Laboratory for Biomolecular Function Simulation, RIKEN Center for Biosystems Dynamics Research, Kobe, Hyogo, Japan.
Department of Biochemistry and Molecular Biology, Michigan State University, East Lansing, MI, USA.
Nat Commun. 2021 Jul 2;12(1):4099. doi: 10.1038/s41467-021-24349-5.
The inside of a cell is highly crowded with proteins and other biomolecules. How proteins express their specific functions together with many off-target proteins in crowded cellular environments is largely unknown. Here, we investigate an inhibitor binding with c-Src kinase using atomistic molecular dynamics (MD) simulations in dilute as well as crowded protein solution. The populations of the inhibitor, 4-amino-5-(4-methylphenyl)-7-(t-butyl)pyrazolo[3,4-d]pyrimidine (PP1), in bulk solution and on the surface of c-Src kinase are reduced as the concentration of crowder bovine serum albumins (BSAs) increases. This observation is consistent with the reduced PP1 inhibitor efficacy in experimental c-Src kinase assays in addition with BSAs. The crowded environment changes the major binding pathway of PP1 toward c-Src kinase compared to that in dilute solution. This change is explained based on the population shift mechanism of local conformations near the inhibitor binding site in c-Src kinase.
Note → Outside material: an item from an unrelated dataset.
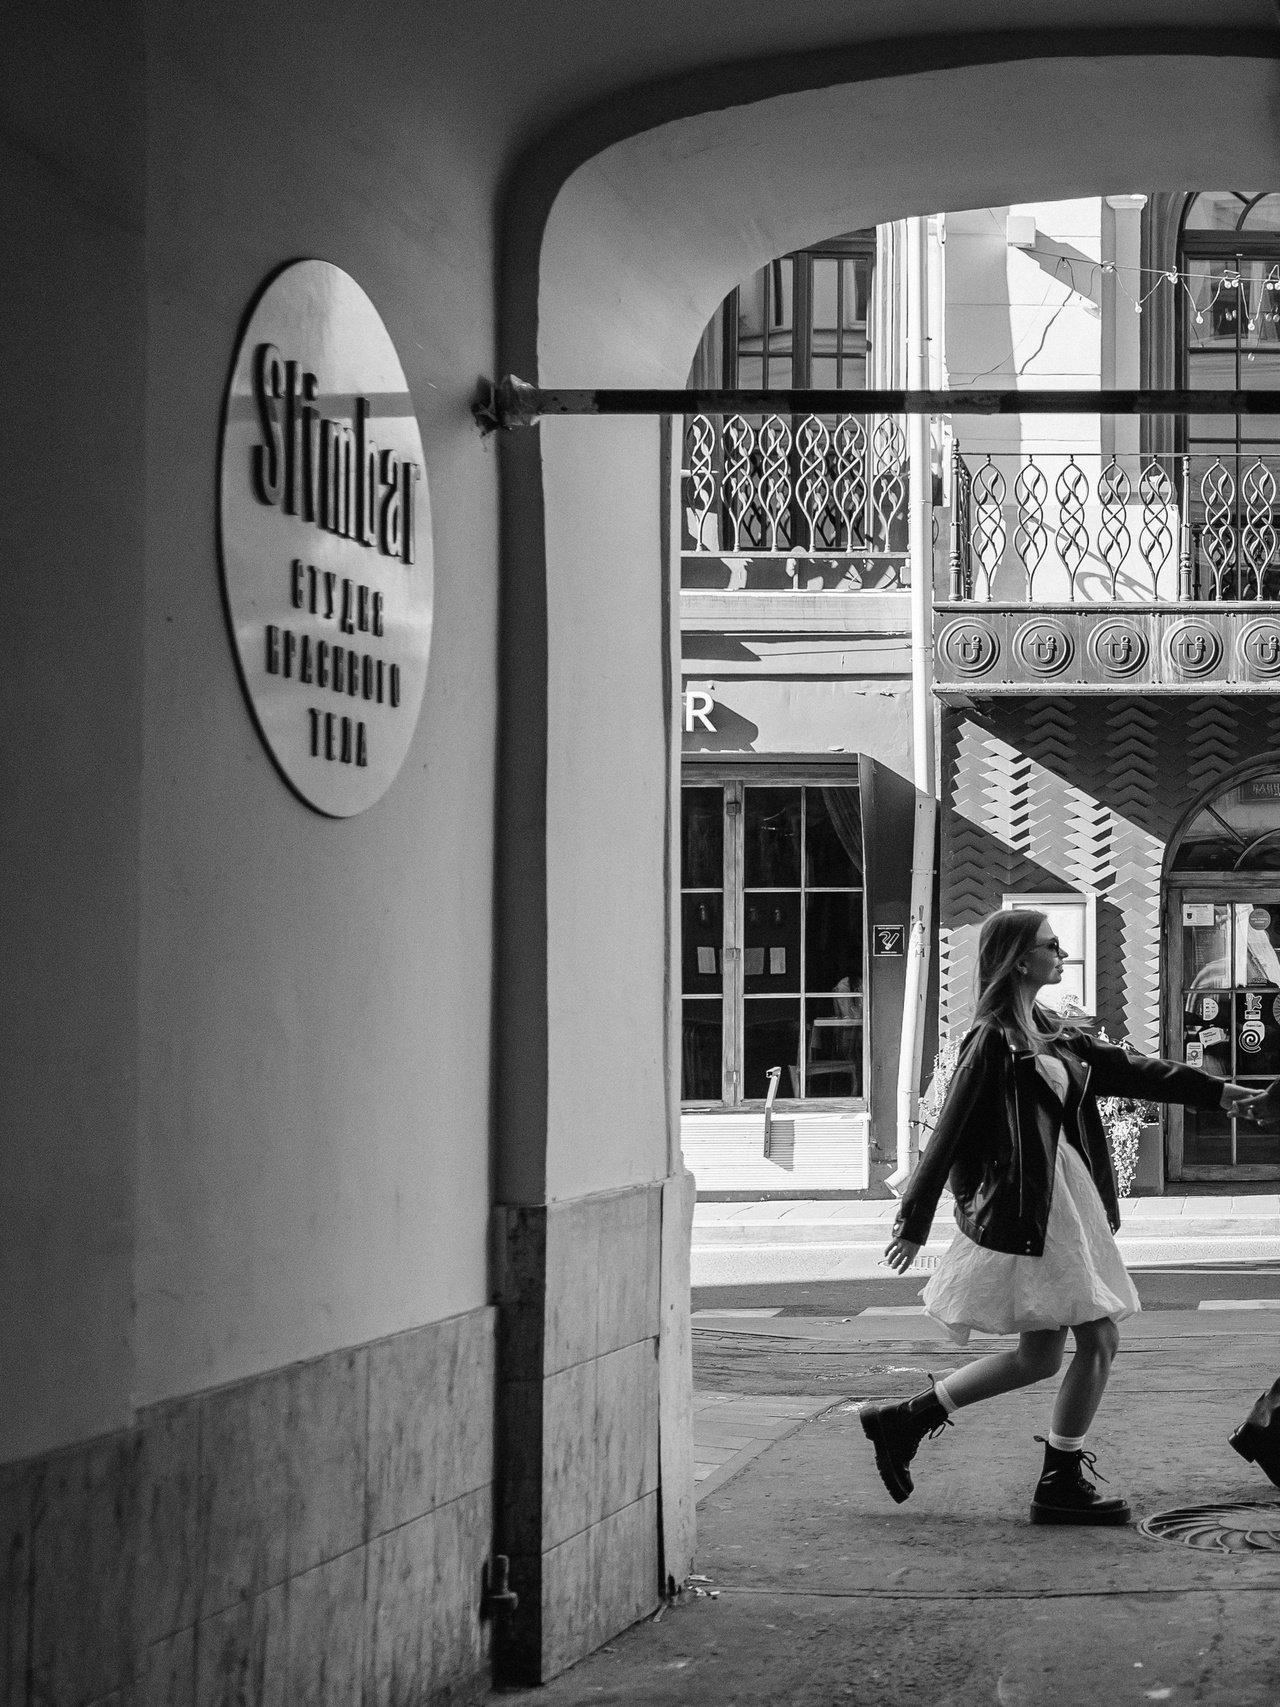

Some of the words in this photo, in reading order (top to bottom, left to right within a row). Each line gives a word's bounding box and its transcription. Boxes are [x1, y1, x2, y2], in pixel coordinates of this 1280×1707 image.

[252, 343, 421, 564] Slimbar
[291, 558, 384, 637] СТУДИЯ
[265, 624, 400, 708] КРАСИВОГО
[308, 707, 368, 767] ТЕЛА
细胞内部高度拥挤着蛋白质和其他生物分子。在拥挤的细胞环境中,蛋白质如何与许多非靶标蛋白质一起表达其特定功能,在很大程度上尚不清楚。在这里,我们使用稀溶液和拥挤的蛋白质溶液中的原子分子动力学(MD)模拟研究了与 c-Src 激酶结合的抑制剂。随着牛血清白蛋白(BSA)浓度的增加,抑制剂 4-氨基-5-(4-甲基苯基)-7-(叔丁基)吡唑并[3,4-d]嘧啶(PP1)在本体溶液和 c-Src 激酶表面上的浓度降低。这一观察结果与实验 c-Src 激酶测定中 BSAs 存在时 PP1 抑制剂效力降低的结果一致。与稀溶液相比,拥挤的环境改变了 PP1 与 c-Src 激酶的主要结合途径。这种变化基于 c-Src 激酶中抑制剂结合位点附近局部构象的种群转移机制来解释。